Historical population
| Census | Pop. | Note | %± |
| 1970 | 285 |  | — |
| 1980 | 275 |  | −3.5% |
| 1990 | 248 |  | −9.8% |
| 2000 | 256 |  | 3.2% |
| 2010 | 247 |  | −3.5% |
| 2020 | 228 |  | −7.7% |
U.S. Decennial Census

===2020 census===
The 2020 United States census counted 228 people, 95 households, and 65 families in Burdett. The population density was 876.9 per square mile (338.6/km^{2}). There were 122 housing units at an average density of 469.2 per square mile (181.2/km^{2}). The racial makeup was 94.74% (216) white or European American (92.11% non-Hispanic white), 0.44% (1) black or African-American, 0.44% (1) Native American or Alaska Native, 0.0% (0) Asian, 0.0% (0) Pacific Islander or Native Hawaiian, 0.44% (1) from other races, and 3.95% (9) from two or more races. Hispanic or Latino of any race was 4.39% (10) of the population.

Of the 95 households, 28.4% had children under the age of 18; 52.6% were married couples living together; 27.4% had a female householder with no spouse or partner present. 26.3% of households consisted of individuals and 10.5% had someone living alone who was 65 years of age or older. The average household size was 3.1 and the average family size was 3.7. The percent of those with a bachelor's degree or higher was estimated to be 25.4% of the population.

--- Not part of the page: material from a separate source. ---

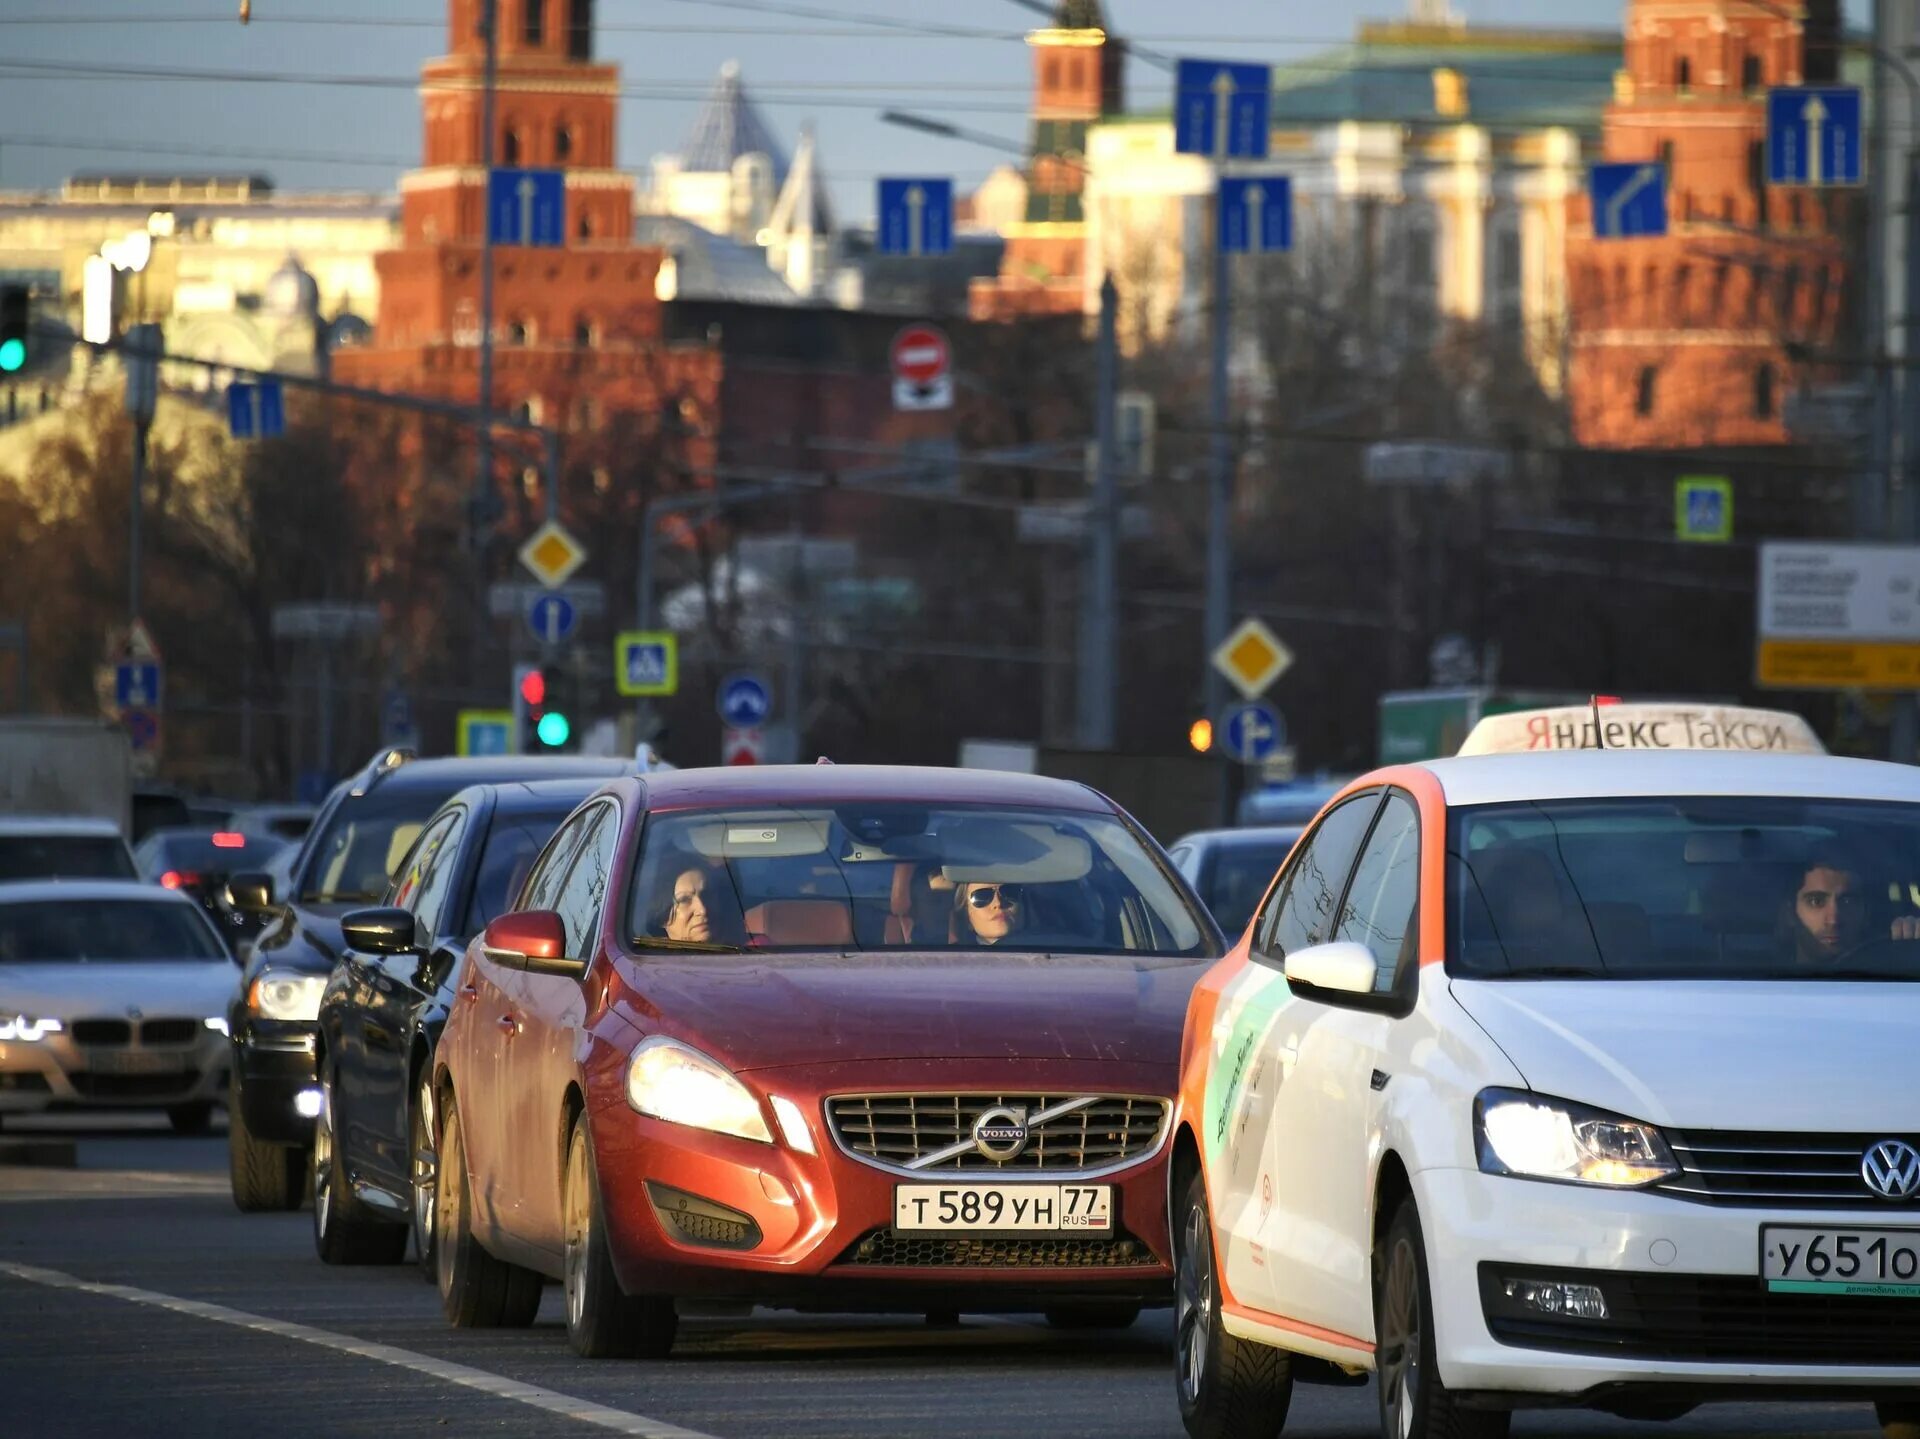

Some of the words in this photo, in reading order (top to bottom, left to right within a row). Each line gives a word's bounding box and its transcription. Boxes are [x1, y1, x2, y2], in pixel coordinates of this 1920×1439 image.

26.3% of the population was under the age of 18, 5.3% from 18 to 24, 21.9% from 25 to 44, 24.6% from 45 to 64, and 21.9% who were 65 years of age or older. The median age was 41.2 years. For every 100 females, there were 98.3 males. For every 100 females ages 18 and older, there were 102.4 males.

The 2016–2020 5-year American Community Survey estimates show that the median household income was $39,250 (with a margin of error of +/- $24,316) and the median family income was $49,375 (+/- $23,576). Males had a median income of $35,481 (+/- $5,852) versus $33,750 (+/- $20,303) for females. The median income for those above 16 years old was $35,060 (+/- $8,564). Approximately, 5.1% of families and 6.6% of the population were below the poverty line, including 8.5% of those under the age of 18 and 0.0% of those ages 65 or over.

===2010 census===
As of the census of 2010, there were 247 people, 102 households, and 68 families residing in the city. The population density was 914.8 PD/sqmi. There were 128 housing units at an average density of 474.1 /sqmi. The racial makeup of the city was 99.2% White, 0.4% African American, and 0.4% Native American. Hispanic or Latino of any race were 0.8% of the population.

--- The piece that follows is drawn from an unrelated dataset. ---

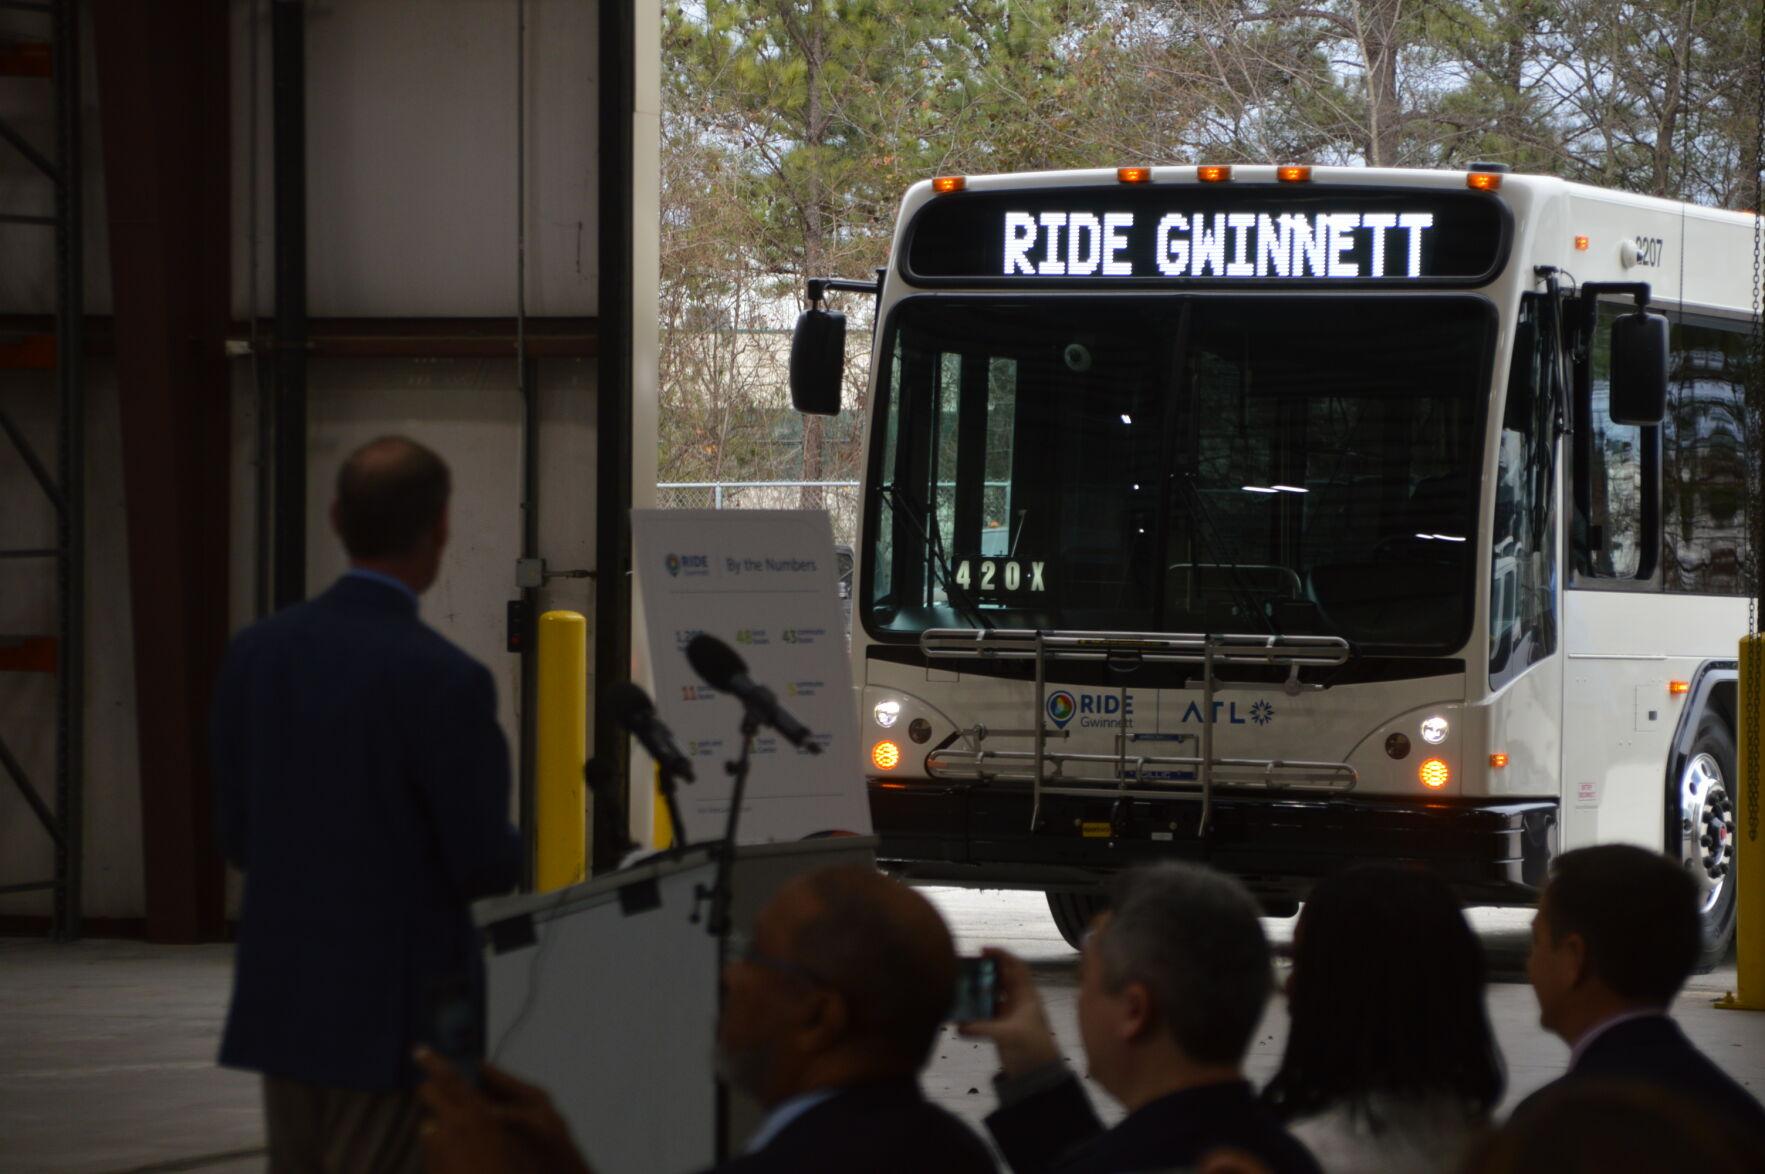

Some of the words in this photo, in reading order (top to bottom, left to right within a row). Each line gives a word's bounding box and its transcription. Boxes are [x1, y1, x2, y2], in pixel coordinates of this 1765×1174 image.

There were 102 households, of which 33.3% had children under the age of 18 living with them, 56.9% were married couples living together, 6.9% had a female householder with no husband present, 2.9% had a male householder with no wife present, and 33.3% were non-families. 33.3% of all households were made up of individuals, and 16.7% had someone living alone who was 65 years of age or older. The average household size was 2.42 and the average family size was 3.06.

The median age in the city was 41.3 years. 29.1% of residents were under the age of 18; 6.6% were between the ages of 18 and 24; 18.7% were from 25 to 44; 24.4% were from 45 to 64; and 21.5% were 65 years of age or older. The gender makeup of the city was 49.8% male and 50.2% female.

==Education==
Burdett is served by Pawnee Heights USD 496. The Pawnee Heights High School mascot is Tigers.

Burdett High School was closed through school unification. The Burdett Tigers won the Kansas State High School boys class BB basketball championship in 1954.

==Notable people==
- Clyde Tombaugh, the astronomer who discovered the dwarf planet Pluto in 1930, lived in Burdett during part of his teens.